Lembro que, quando meu sobrinho era pequeno e ia dormir em casa, eu passava muito tempo ao lado da cama, após ele dormir, orando por ele e velando seu sono. Recentemente, minha sobrinha foi dormir em minha casa e, devido a uma forte gripe, apresentava um quadro febril. A verdade é que, naquela noite meu sono foi muito leve, de maneira que de hora em hora eu acordava apenas para verificar a temperatura dela e me certificar que tudo estava bem.
O mais interessante é que nenhuma das crianças citadas são minhas filhas. São sobrinhos e prima. Eu não sou mãe (ainda) e estou longe de ser uma pessoa extremamente boa e perfeita. Porém, eu amo cada um deles e, mesmo não sendo uma pessoa integralmente boa, procuro entregar a eles o melhor que posso.

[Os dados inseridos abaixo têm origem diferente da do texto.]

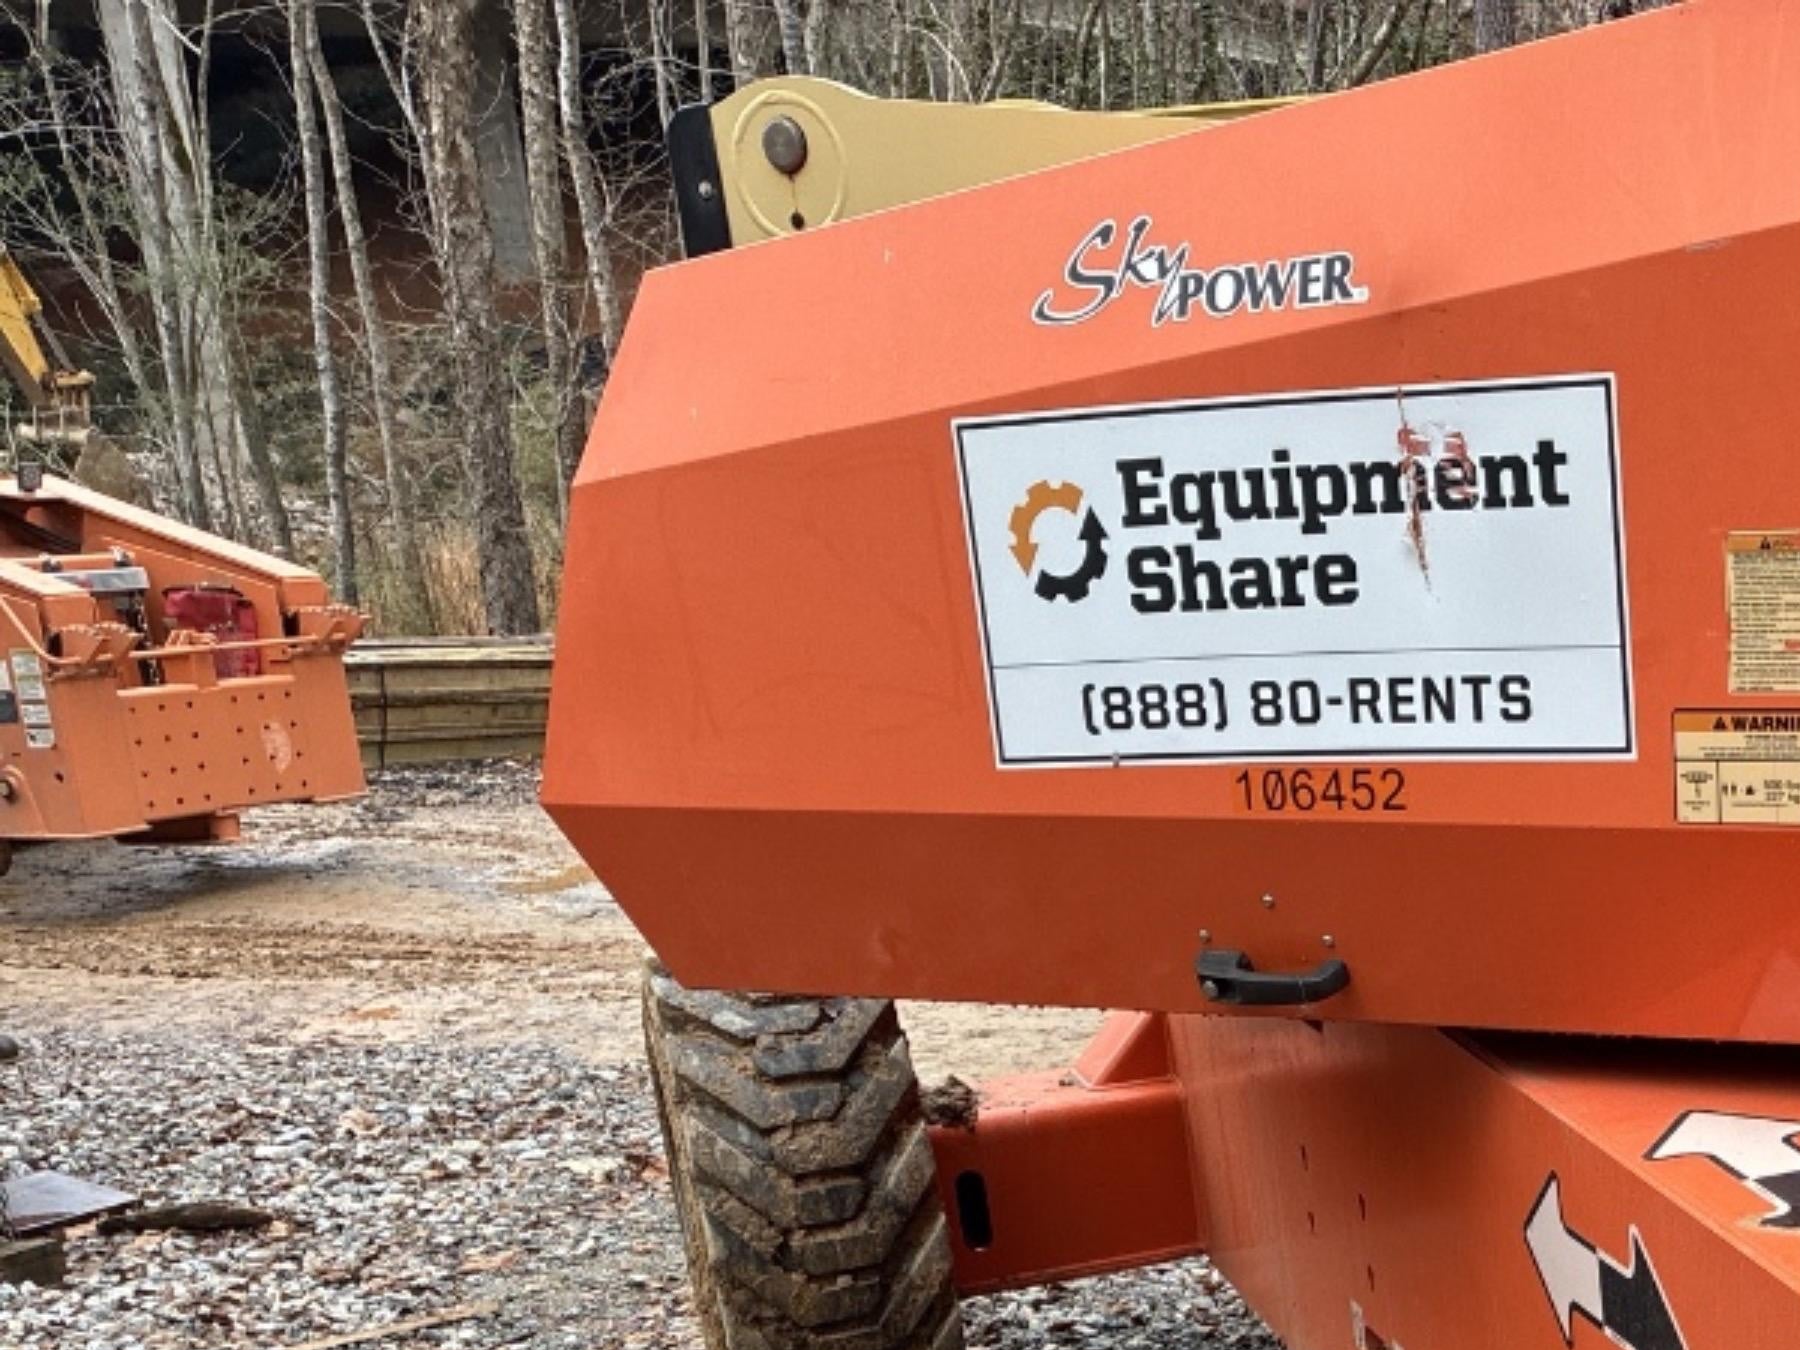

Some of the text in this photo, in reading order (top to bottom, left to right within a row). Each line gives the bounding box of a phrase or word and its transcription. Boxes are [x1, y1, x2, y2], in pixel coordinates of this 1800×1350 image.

[1034, 217, 1355, 325] Sky POWER
[1115, 439, 1570, 538] Equipment
[1127, 545, 1360, 614] Share
[1082, 675, 1533, 735] (888) 80-RENTS
[1234, 769, 1406, 811] 106452

Isso me faz lembrar do que Jesus disse a respeito da paternidade de Deus e do cuidado d’Ele com seus filhos: “Não se preocupem com o que vocês irão comer, ou o que irão vestir. Olhem as aves do céu que não semeiam e nem colhem, contudo, vosso Pai celestial as alimenta. E olhem os lírios dos campos. Eles não trabalham, não fiam, e eu vos afirmo que nem Salomão em toda sua glória se vestiu como qualquer um deles... qual dentre vocês, se o filho lhe pedir pão lhe dará pedra? E se lhe pedir peixe, lhe dará serpente? Se vocês que são maus sabem dar coisas boas aos seus filhos, quanto mais o Pai de vocês que está nos céus.”
Sabendo disso, porque será que é tão difícil descansarmos no cuidado do Pai?

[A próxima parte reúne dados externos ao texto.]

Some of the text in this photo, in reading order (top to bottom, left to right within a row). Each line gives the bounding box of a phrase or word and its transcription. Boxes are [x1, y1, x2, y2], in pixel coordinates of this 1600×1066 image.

Eu tenho a sensação que somos particularmente teimosos e arrogantes, a ponto de sempre estarmos duvidando da provisão e do cuidado de Deus para nossas vidas. E, mesmo que preguemos o evangelho e proclamemos alguns textos bíblicos, parece que permanecemos endurecidos demais para aceitar o cuidado de Deus.

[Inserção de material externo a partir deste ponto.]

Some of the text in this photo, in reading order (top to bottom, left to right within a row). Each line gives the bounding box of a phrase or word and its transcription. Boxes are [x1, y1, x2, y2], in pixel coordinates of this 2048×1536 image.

Quando olhamos para o Salmista, percebemos que ele tinha certeza que Deus o guardaria, independente de qualquer situação, a ponto de exclamar: “Ainda que meu pai e minha mãe me desampararem, o Senhor me recolherá” (Salmos 27:10).
O salmista sabia que mesmo que pai e mãe, que possuem aquele instinto primitivo de cuidado e proteção, o abandonassem, ele permaneceria acolhido pelos braços de Deus.
Talvez, haja momentos em nossas vidas que sejam mais difíceis de acreditar na verdade dita por Jesus. Então, o que fazer nesse momento? O que fazer quando o dia mal chega e angústia nos dói os ossos, fazendo com que nosso corpo sinta as dores da alma? O que fazer quando não há mais ninguém que possa nos socorrer e, a cada passo, parece que caminho fica mais denso, mais escuro e mais solitário?
Nas palavras de Davi (Salmos 77), há momentos que nossa alma está inconsolável e nos falta o sono. Começamos a relembrar momentos passados que eram mais tranquilos, devemos admitir. A melancolia desses momentos é tão intensa e a angústia tão latente, que oscilamos em nossa fé e questionamos “O Senhor me rejeitará para sempre? Ele não me mostrará seu favor? Por acaso Deus se esqueceu do seu amor, ou acabou a sua promessa? E a Sua misericórdia? Sua compaixão? Não mais se manifestarão?” E, chegamos até a pensar “Deus não está mais agindo, e é essa a razão da minha angústia”.
O dia mal é difícil. A dor é tão intensa que não conseguimos enxergar nada além dela. Mas o que fazer nesses momentos? Como voltar a enxergar um lampejo em noite tão escura?
Eu acredito que, como não conseguimos enxergar nada além da dor, a melhor solução é relembrar os feitos do Senhor. Foi isso que o salmista fez em Salmos 77. Recordar as obras do Senhor, e os antigos milagres. Meditar na sua bondade e em todas as suas ações.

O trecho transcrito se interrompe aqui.